» **Material shown**:
--------------------

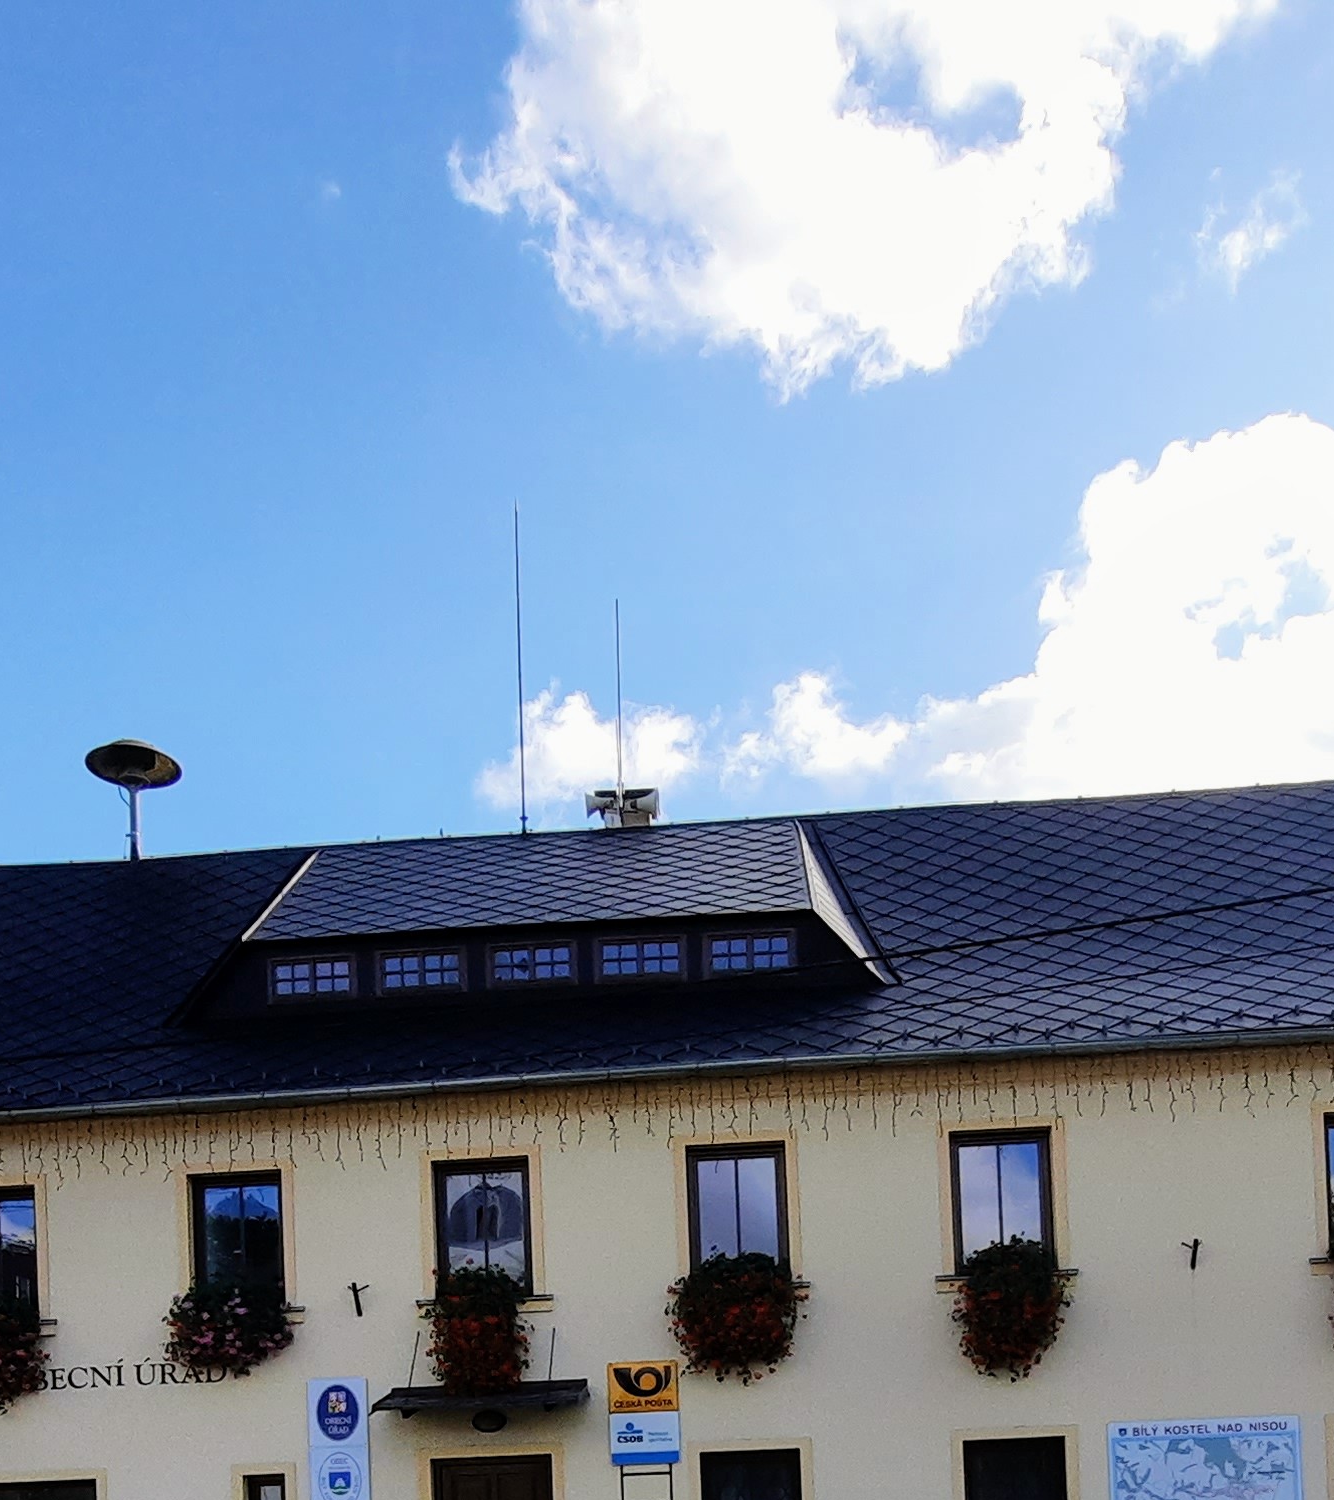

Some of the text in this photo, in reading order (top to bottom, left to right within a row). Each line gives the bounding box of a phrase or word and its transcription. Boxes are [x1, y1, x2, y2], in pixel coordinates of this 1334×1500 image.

[33, 1358, 124, 1391] BECNÍ
[614, 1398, 673, 1409] ČESKÁ POŠTA
[1132, 1421, 1288, 1437] BÍLÝ KOSTEL NAD NISOU
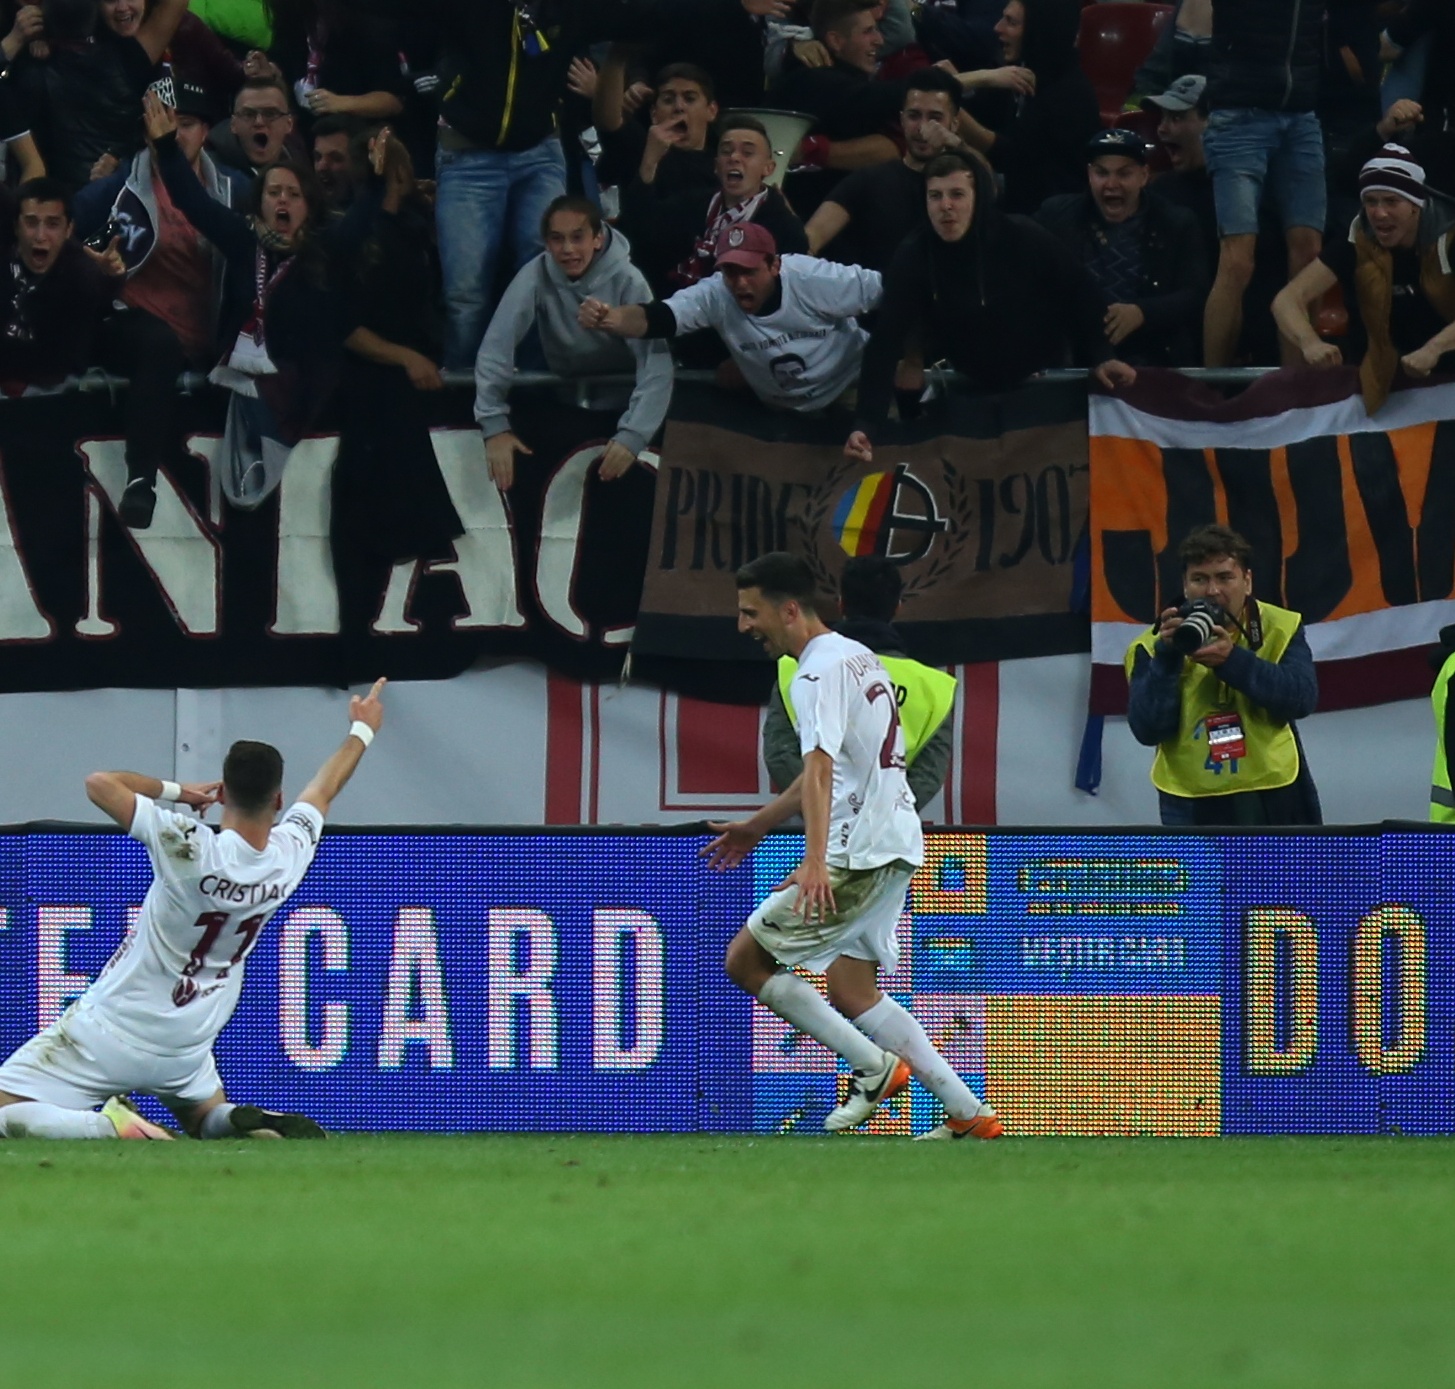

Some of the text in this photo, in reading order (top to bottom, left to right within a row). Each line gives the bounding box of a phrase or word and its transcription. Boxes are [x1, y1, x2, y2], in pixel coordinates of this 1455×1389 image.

[659, 466, 811, 572] PRIDE
[184, 912, 264, 979] 11
[278, 906, 666, 1073] CARD
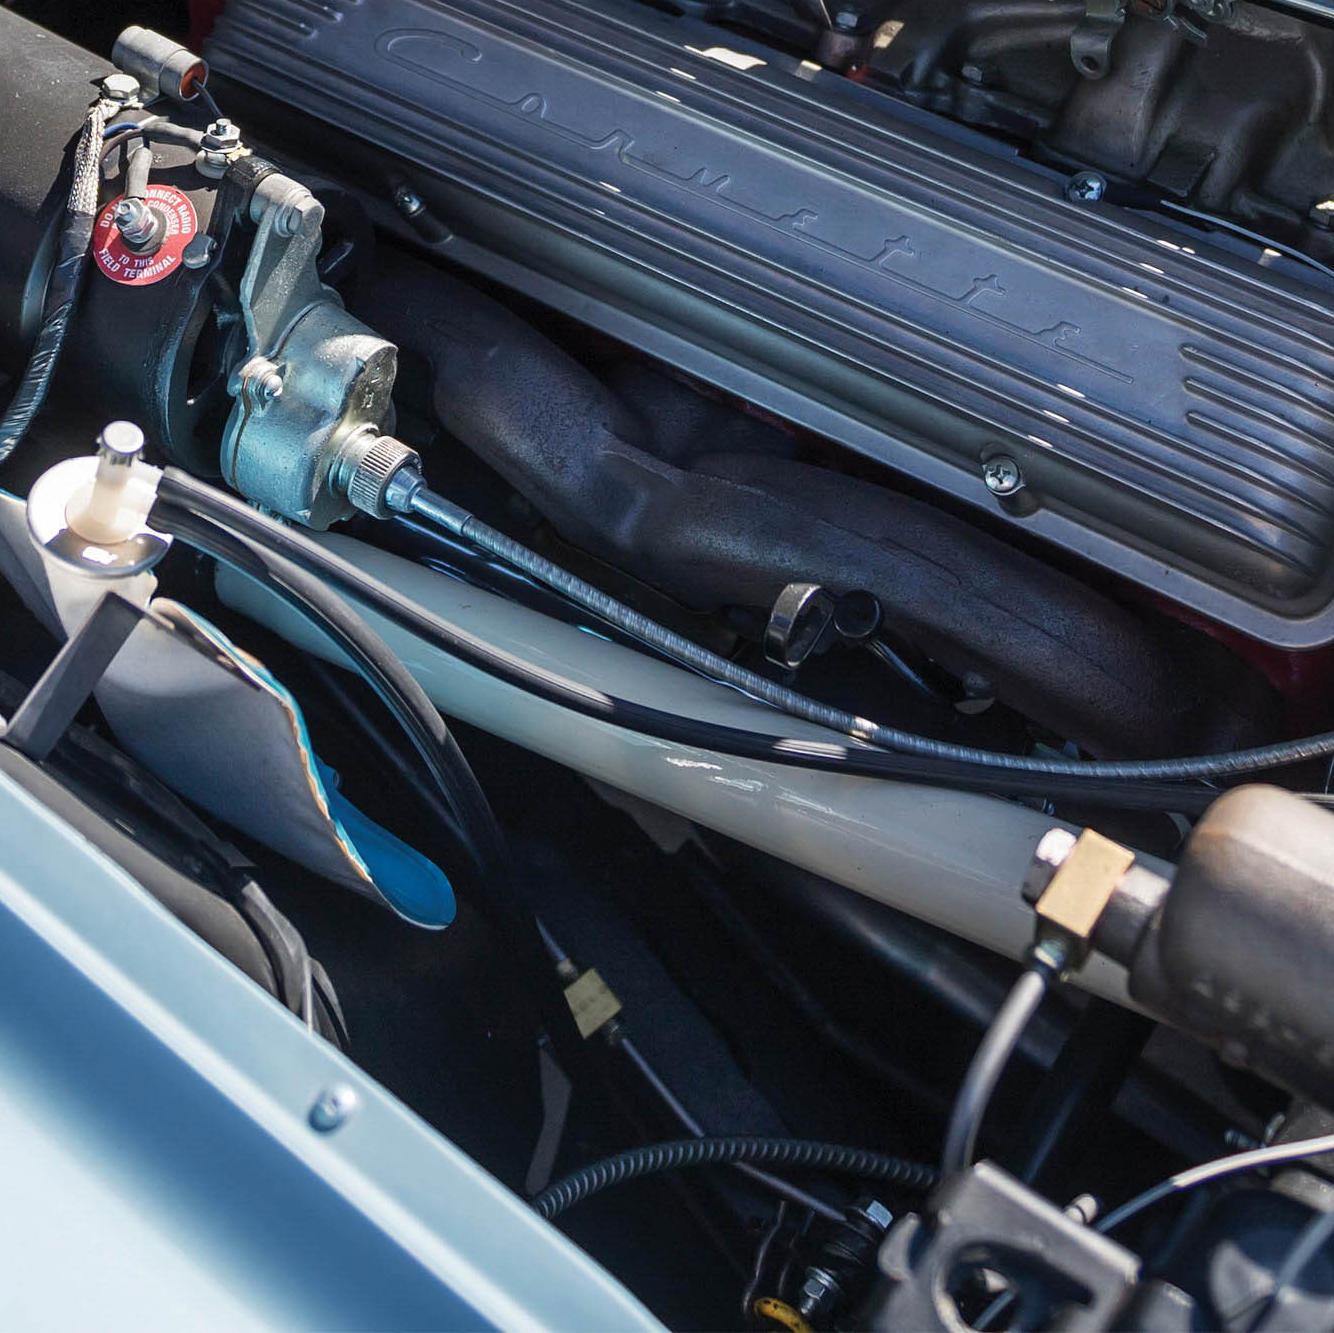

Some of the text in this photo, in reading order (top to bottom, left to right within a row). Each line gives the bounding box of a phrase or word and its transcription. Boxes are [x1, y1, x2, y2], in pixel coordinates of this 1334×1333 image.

[100, 213, 113, 228] DO
[178, 204, 192, 234] RADIO
[148, 200, 179, 235] CONDENSER
[99, 248, 176, 279] FIELD TERMINAL
[118, 254, 154, 267] TO THIS
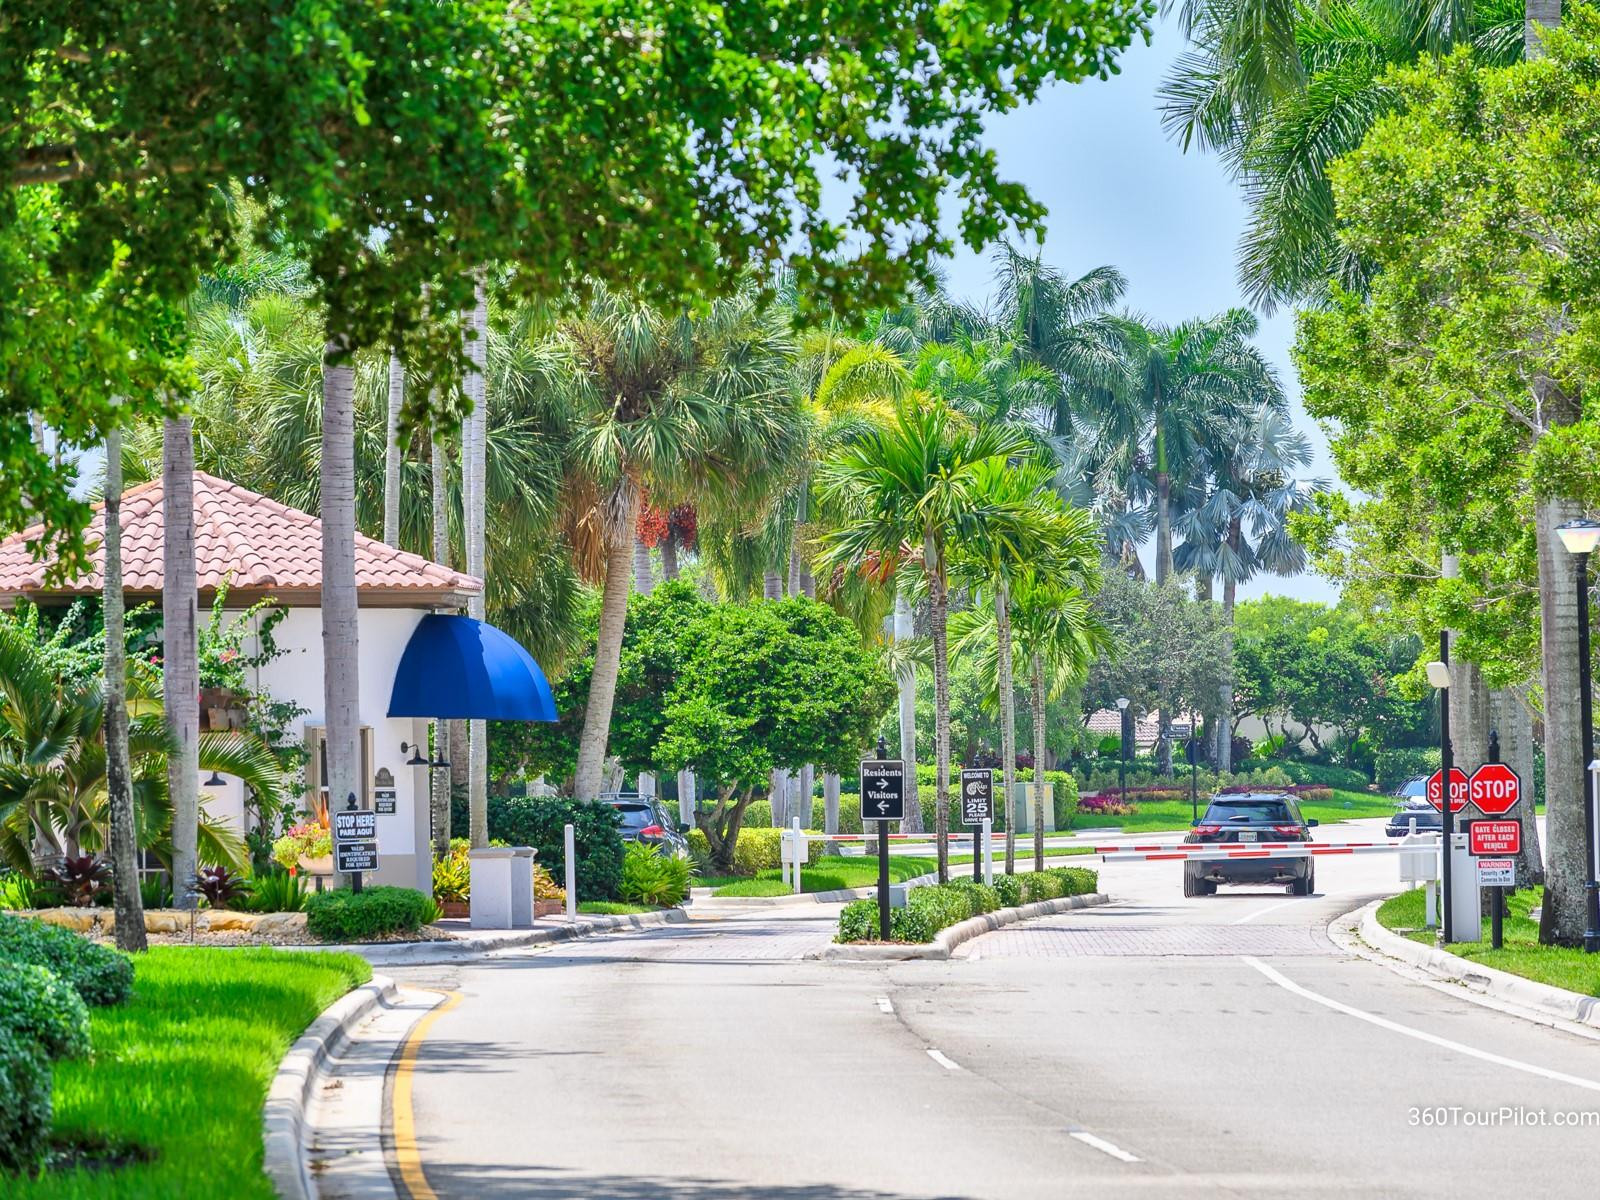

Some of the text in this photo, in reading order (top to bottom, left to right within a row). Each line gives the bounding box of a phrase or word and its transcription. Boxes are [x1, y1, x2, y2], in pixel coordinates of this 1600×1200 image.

[863, 768, 902, 777] Residents
[867, 790, 899, 799] Visitors
[1430, 782, 1468, 798] SOP
[1472, 780, 1516, 799] STOP
[966, 803, 989, 813] 25
[337, 815, 374, 829] STOP HERE
[1492, 825, 1516, 833] CLOSES

--------------------

» **Work to be completed**:
Write out exactly, please, the lines that start at the one containing "this 1455×1389 image." and run through the final line of the entries, both included, leaving pictures out.

» **Task result**:
Some of the text in this photo, in reading order (top to bottom, left to right within a row). Each line gives the bounding box of a phrase or word and its transcription. Boxes are [x1, y1, x2, y2], in pixel coordinates of this 1455×1389 image.

[659, 466, 811, 572] PRIDE
[184, 912, 264, 979] 11
[278, 906, 666, 1073] CARD

Some of the text in this photo, in reading order (top to bottom, left to right within a row). Each line gives the bounding box of a phrase or word and its transcription. Boxes are [x1, y1, x2, y2], in pixel coordinates of this 1334×1333 image.

[100, 213, 113, 228] DO
[178, 204, 192, 234] RADIO
[148, 200, 179, 235] CONDENSER
[99, 248, 176, 279] FIELD TERMINAL
[118, 254, 154, 267] TO THIS

Some of the text in this photo, in reading order (top to bottom, left to right within a row). Each line gives the bounding box of a phrase or word and its transcription. Boxes are [x1, y1, x2, y2], in pixel coordinates of this 1600×1200 image.

[863, 768, 902, 777] Residents
[867, 790, 899, 799] Visitors
[1430, 782, 1468, 798] SOP
[1472, 780, 1516, 799] STOP
[966, 803, 989, 813] 25
[337, 815, 374, 829] STOP HERE
[1492, 825, 1516, 833] CLOSES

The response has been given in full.